WORK ITEM: Skip the images and print the listing exactly.

━━━━━━━━━━

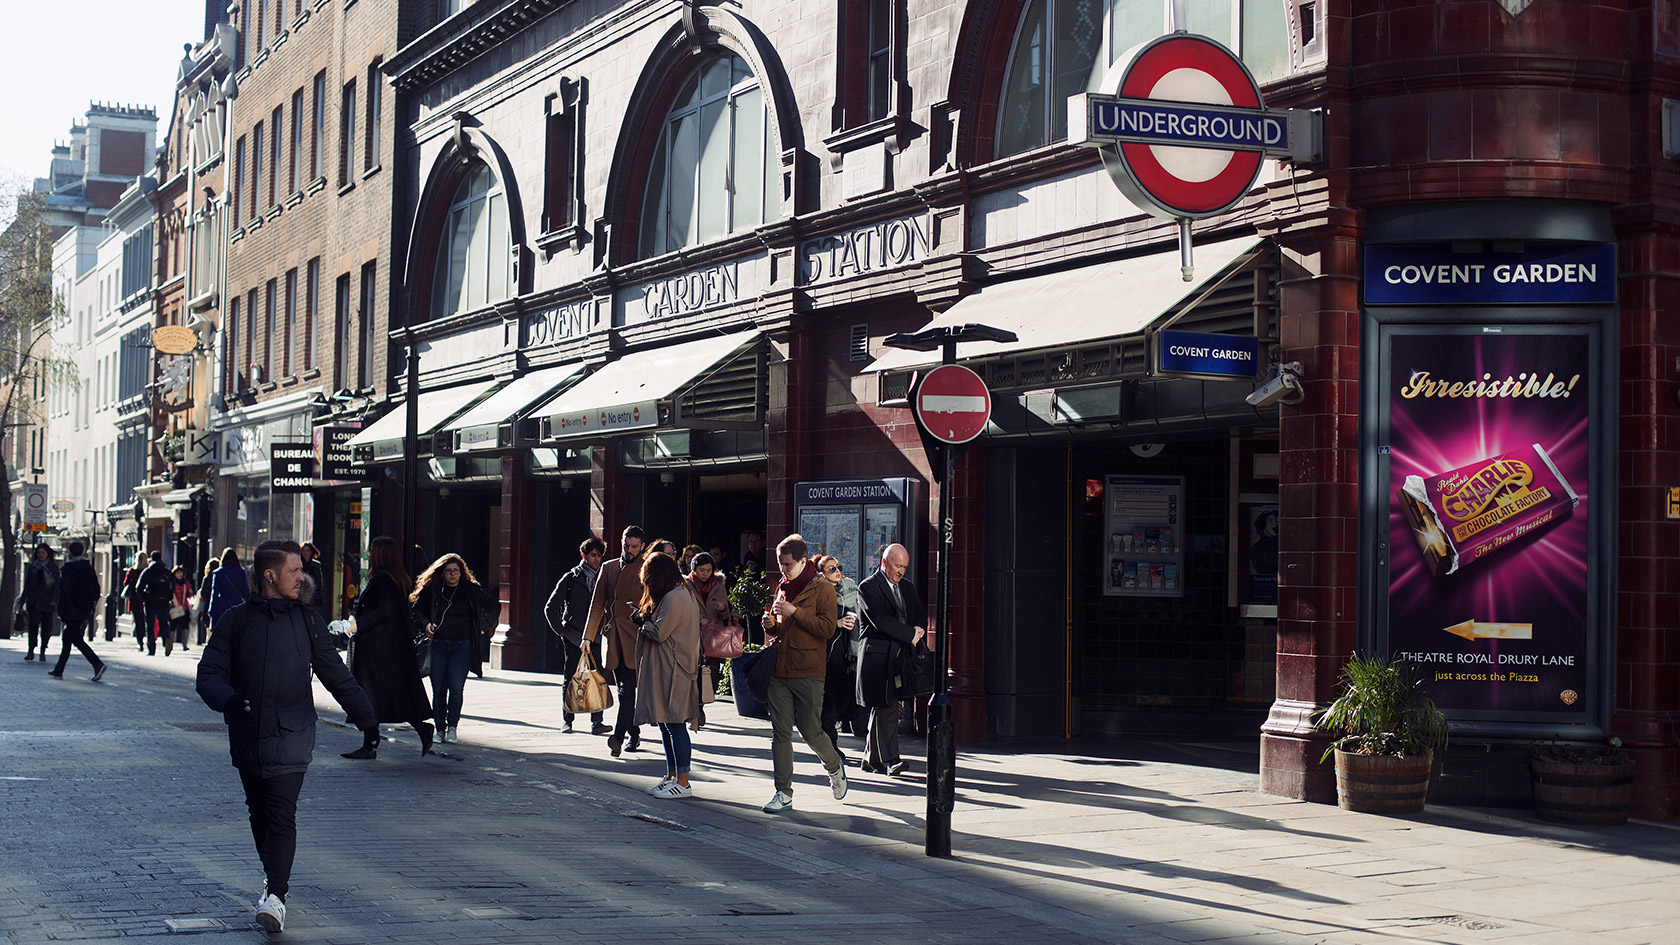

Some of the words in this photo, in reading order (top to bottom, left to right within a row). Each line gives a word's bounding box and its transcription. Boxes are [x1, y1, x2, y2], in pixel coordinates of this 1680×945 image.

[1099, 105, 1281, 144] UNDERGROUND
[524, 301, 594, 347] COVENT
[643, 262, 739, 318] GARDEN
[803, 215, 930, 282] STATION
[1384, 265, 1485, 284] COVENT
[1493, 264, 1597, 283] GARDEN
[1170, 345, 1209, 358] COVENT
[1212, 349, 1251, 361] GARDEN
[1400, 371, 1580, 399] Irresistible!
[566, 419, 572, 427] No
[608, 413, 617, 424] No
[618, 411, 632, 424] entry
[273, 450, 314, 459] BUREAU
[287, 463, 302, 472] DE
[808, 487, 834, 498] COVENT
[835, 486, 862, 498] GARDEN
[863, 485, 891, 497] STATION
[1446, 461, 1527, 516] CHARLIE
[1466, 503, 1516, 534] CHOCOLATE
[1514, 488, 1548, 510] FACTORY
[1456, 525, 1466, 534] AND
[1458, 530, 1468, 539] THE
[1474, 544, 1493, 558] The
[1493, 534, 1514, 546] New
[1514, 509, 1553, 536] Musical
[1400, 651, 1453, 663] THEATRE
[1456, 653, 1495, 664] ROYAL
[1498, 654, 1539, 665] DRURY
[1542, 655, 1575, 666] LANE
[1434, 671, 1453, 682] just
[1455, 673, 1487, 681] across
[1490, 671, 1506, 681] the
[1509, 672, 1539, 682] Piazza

━━━━━━━━━━

RESPONSE TO THE EXERCISE:
Some of the words in this photo, in reading order (top to bottom, left to right within a row). Each line gives a word's bounding box and its transcription. Boxes are [x1, y1, x2, y2], in pixel coordinates of this 1680×945 image.

[1099, 105, 1281, 144] UNDERGROUND
[524, 301, 594, 347] COVENT
[643, 262, 739, 318] GARDEN
[803, 215, 930, 282] STATION
[1384, 265, 1485, 284] COVENT
[1493, 264, 1597, 283] GARDEN
[1170, 345, 1209, 358] COVENT
[1212, 349, 1251, 361] GARDEN
[1400, 371, 1580, 399] Irresistible!
[566, 419, 572, 427] No
[608, 413, 617, 424] No
[618, 411, 632, 424] entry
[273, 450, 314, 459] BUREAU
[287, 463, 302, 472] DE
[808, 487, 834, 498] COVENT
[835, 486, 862, 498] GARDEN
[863, 485, 891, 497] STATION
[1446, 461, 1527, 516] CHARLIE
[1466, 503, 1516, 534] CHOCOLATE
[1514, 488, 1548, 510] FACTORY
[1456, 525, 1466, 534] AND
[1458, 530, 1468, 539] THE
[1474, 544, 1493, 558] The
[1493, 534, 1514, 546] New
[1514, 509, 1553, 536] Musical
[1400, 651, 1453, 663] THEATRE
[1456, 653, 1495, 664] ROYAL
[1498, 654, 1539, 665] DRURY
[1542, 655, 1575, 666] LANE
[1434, 671, 1453, 682] just
[1455, 673, 1487, 681] across
[1490, 671, 1506, 681] the
[1509, 672, 1539, 682] Piazza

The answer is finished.